1. Build Your DataFrame
2. Define Your ML Problem
3. Perform exploratory data analysis to understand your data.
4. Define Your Project Plan
5. Implement Your Project Plan:
    * Prepare your data for your model.
    * Fit your model to the training data and evaluate your model.
    * Improve your model's performance.

## Part 1: Build Your DataFrame

You will have the option to choose one of four data sets that you have worked with in this program:

* The "census" data set that contains Census information from 1994: `censusData.csv`
* Airbnb NYC "listings" data set: `airbnbListingsData.csv`
* World Happiness Report (WHR) data set: `WHR2018Chapter2OnlineData.csv`
* Book Review data set: `bookReviewsData.csv`

Note that these are variations of the data sets that you have worked with in this program. For example, some do not include some of the preprocessing necessary for specific models. 
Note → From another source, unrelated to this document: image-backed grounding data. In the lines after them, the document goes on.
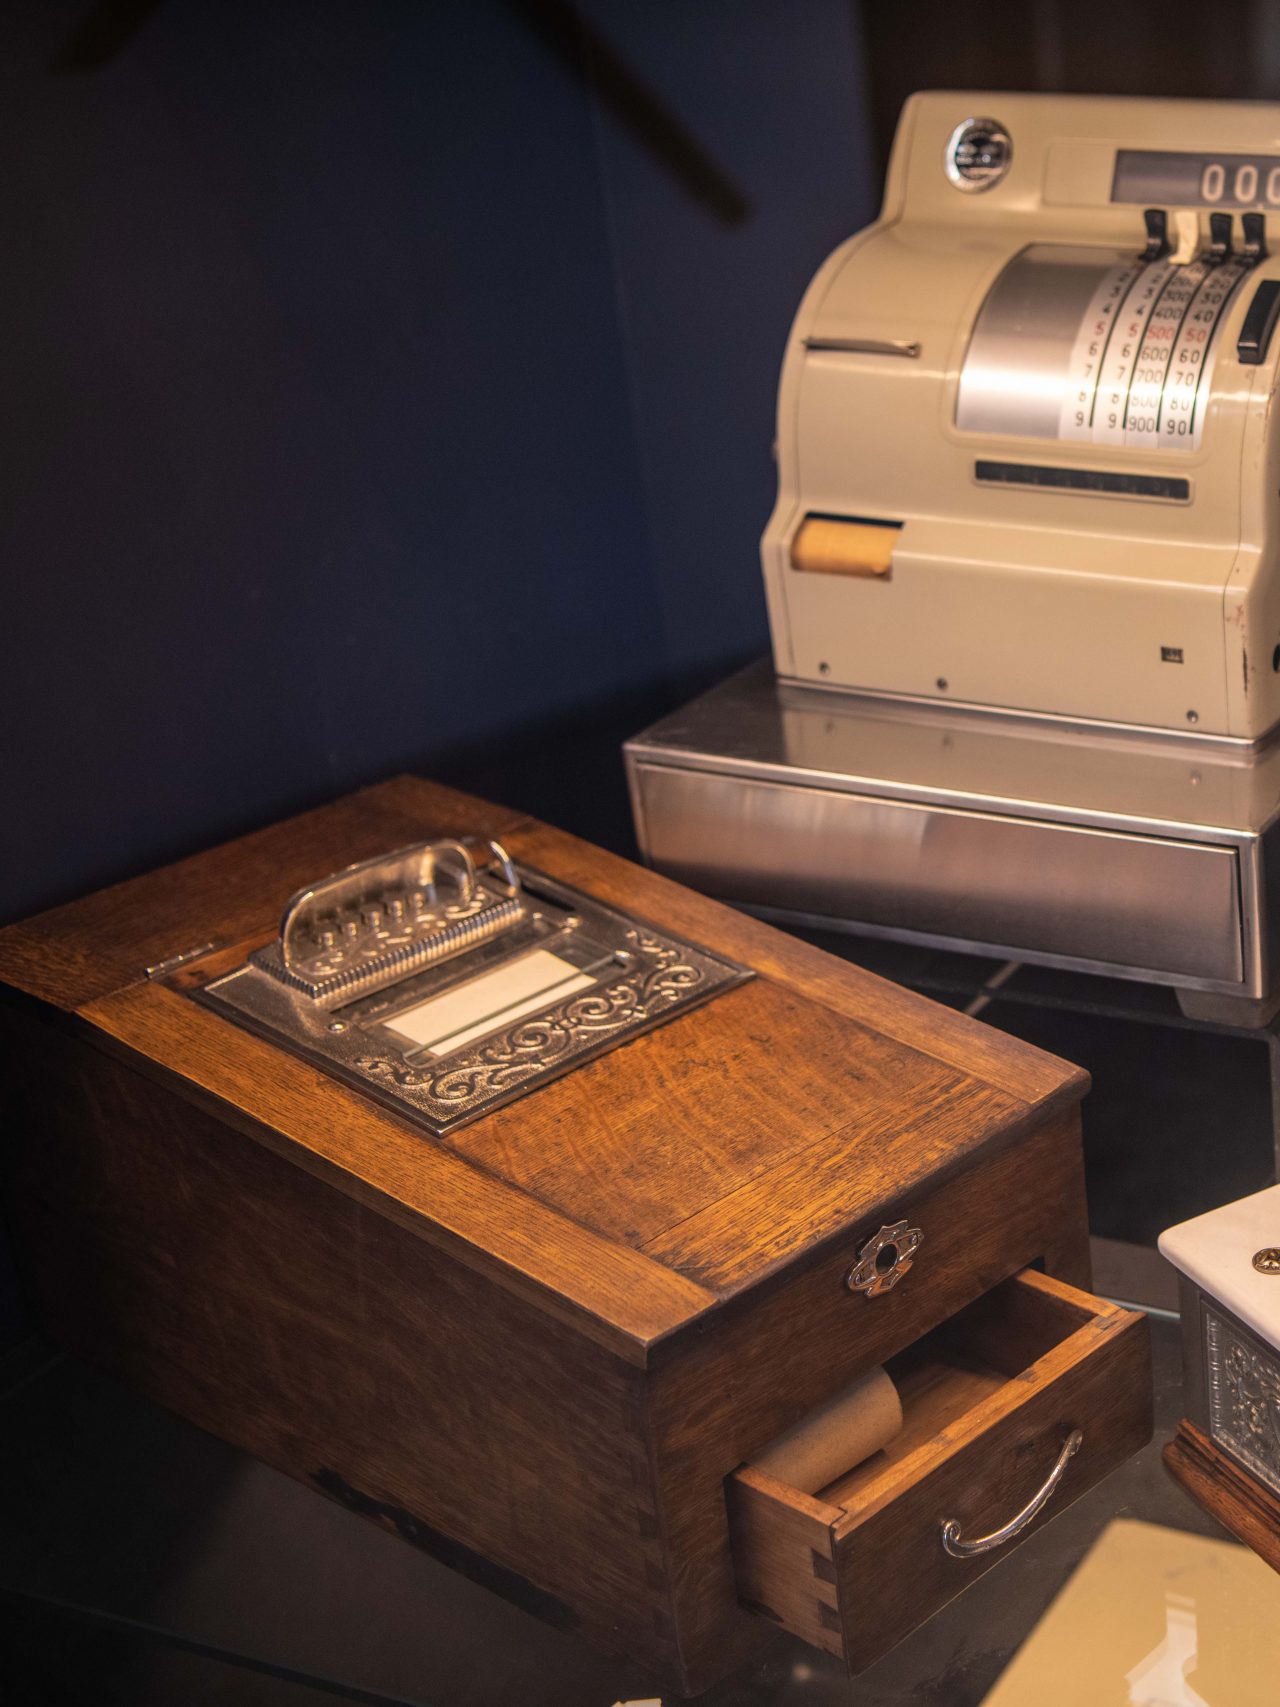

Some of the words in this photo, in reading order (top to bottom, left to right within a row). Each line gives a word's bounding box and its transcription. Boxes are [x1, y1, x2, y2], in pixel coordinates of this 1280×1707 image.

[1102, 303, 1112, 315] 4
[1136, 305, 1145, 317] 4
[1155, 307, 1184, 321] 400
[1193, 309, 1214, 324] 40
[1095, 320, 1106, 336] 5
[1129, 322, 1139, 337] 5
[1147, 325, 1175, 340] 500
[1185, 328, 1207, 343] 50
[1089, 342, 1099, 356] 6
[1122, 343, 1131, 358] 6
[1141, 346, 1169, 362] 600
[1179, 348, 1200, 364] 60
[1085, 363, 1093, 378] 7
[1118, 365, 1126, 380] 7
[1137, 369, 1163, 384] 700
[1176, 371, 1195, 387] 70
[1075, 411, 1084, 427] 9
[1108, 413, 1117, 429] 9
[1129, 416, 1155, 433] 900
[1166, 419, 1187, 436] 90
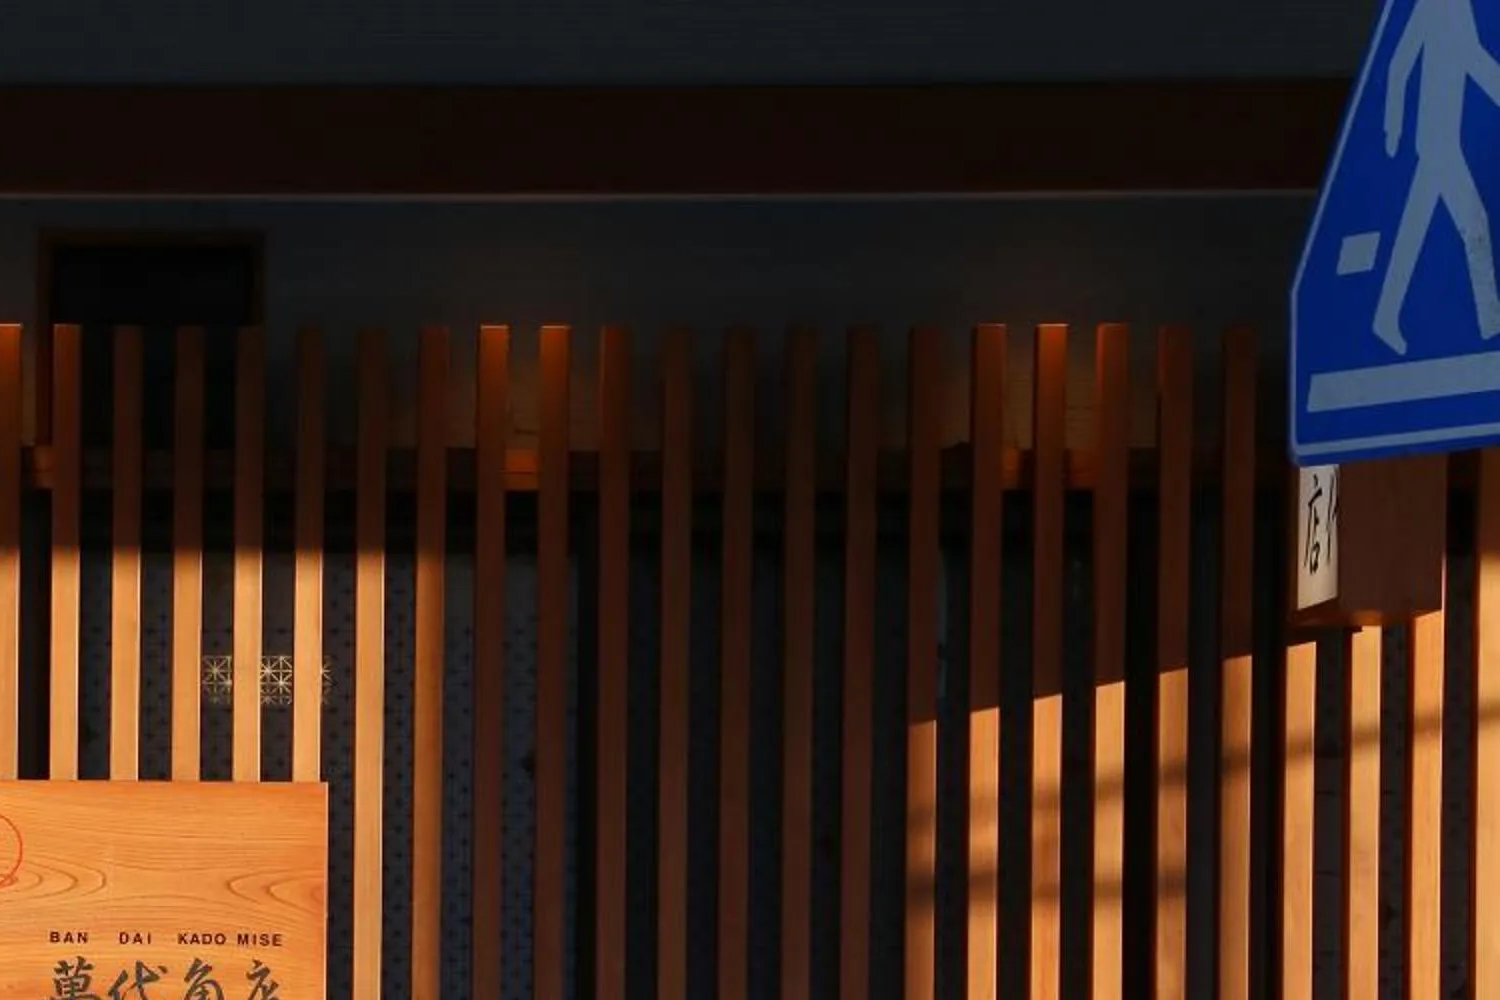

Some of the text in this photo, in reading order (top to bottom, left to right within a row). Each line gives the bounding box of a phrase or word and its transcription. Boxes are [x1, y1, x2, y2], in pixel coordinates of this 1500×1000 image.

[49, 930, 284, 948] BAN DAI KADO MISE
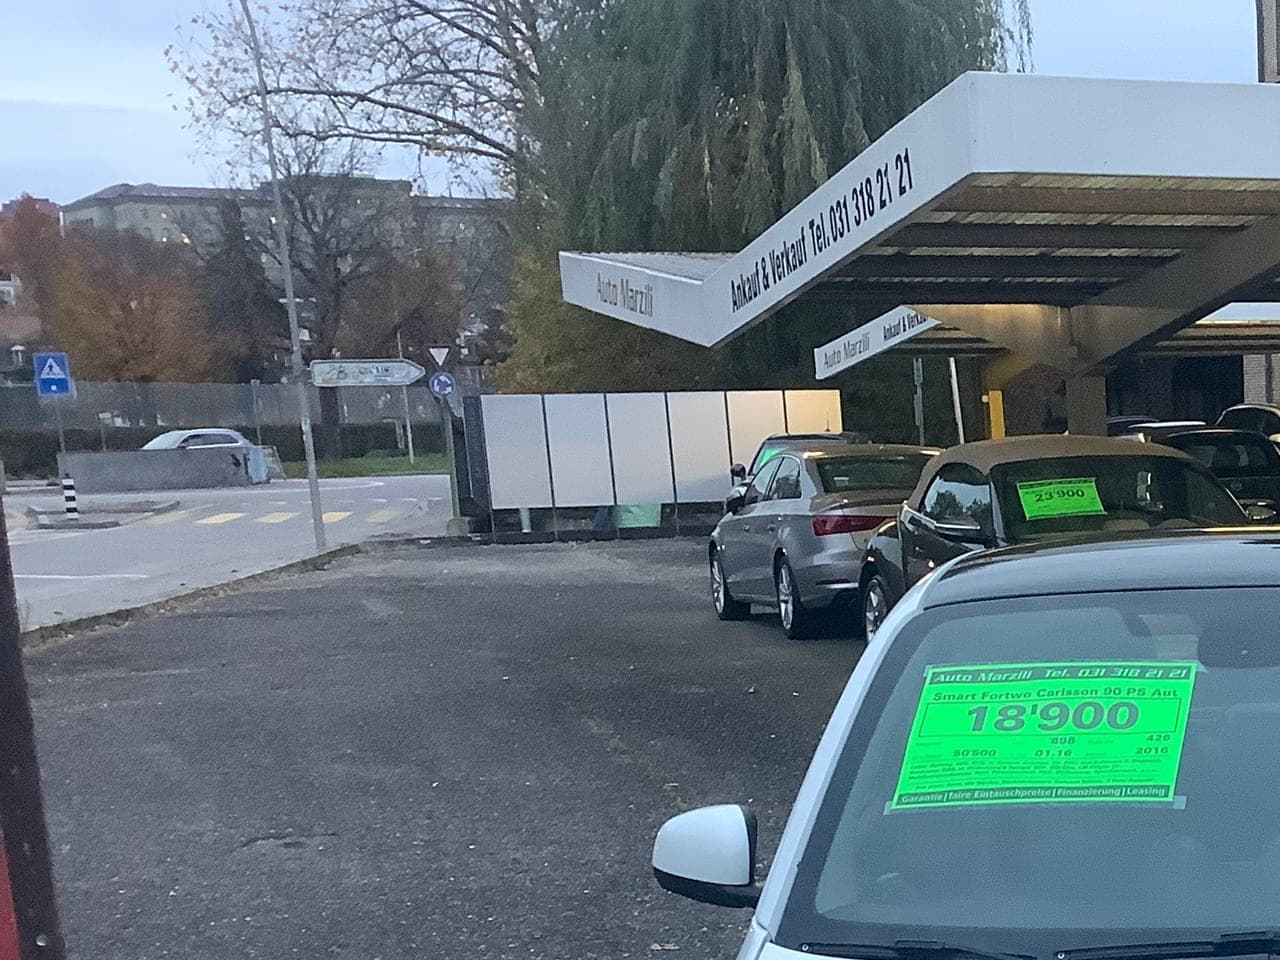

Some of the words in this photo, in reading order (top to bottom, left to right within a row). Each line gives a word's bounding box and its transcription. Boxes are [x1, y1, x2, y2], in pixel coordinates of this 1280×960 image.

#### Load a Data Set and Save it as a Pandas DataFrame

The code cell below contains filenames (path + filename) for each of the four data sets available to you.

<b>Task:</b> In the code cell below, use the same method you have been using to load the data using `pd.read_csv()` and save it to DataFrame `df`. 

You can load each file as a new DataFrame to inspect the data before choosing your data set.

In [632]:
# File names of the four data sets
adultDataSet_filename = os.path.join(os.getcwd(), "data", "censusData.csv")
airbnbDataSet_filename = os.path.join(os.getcwd(), "data", "airbnbListingsData.csv")
WHRDataSet_filename = os.path.join(os.getcwd(), "data", "WHR2018Chapter2OnlineData.csv")
bookReviewDataSet_filename = os.path.join(os.getcwd(), "data", "bookReviewsData.csv")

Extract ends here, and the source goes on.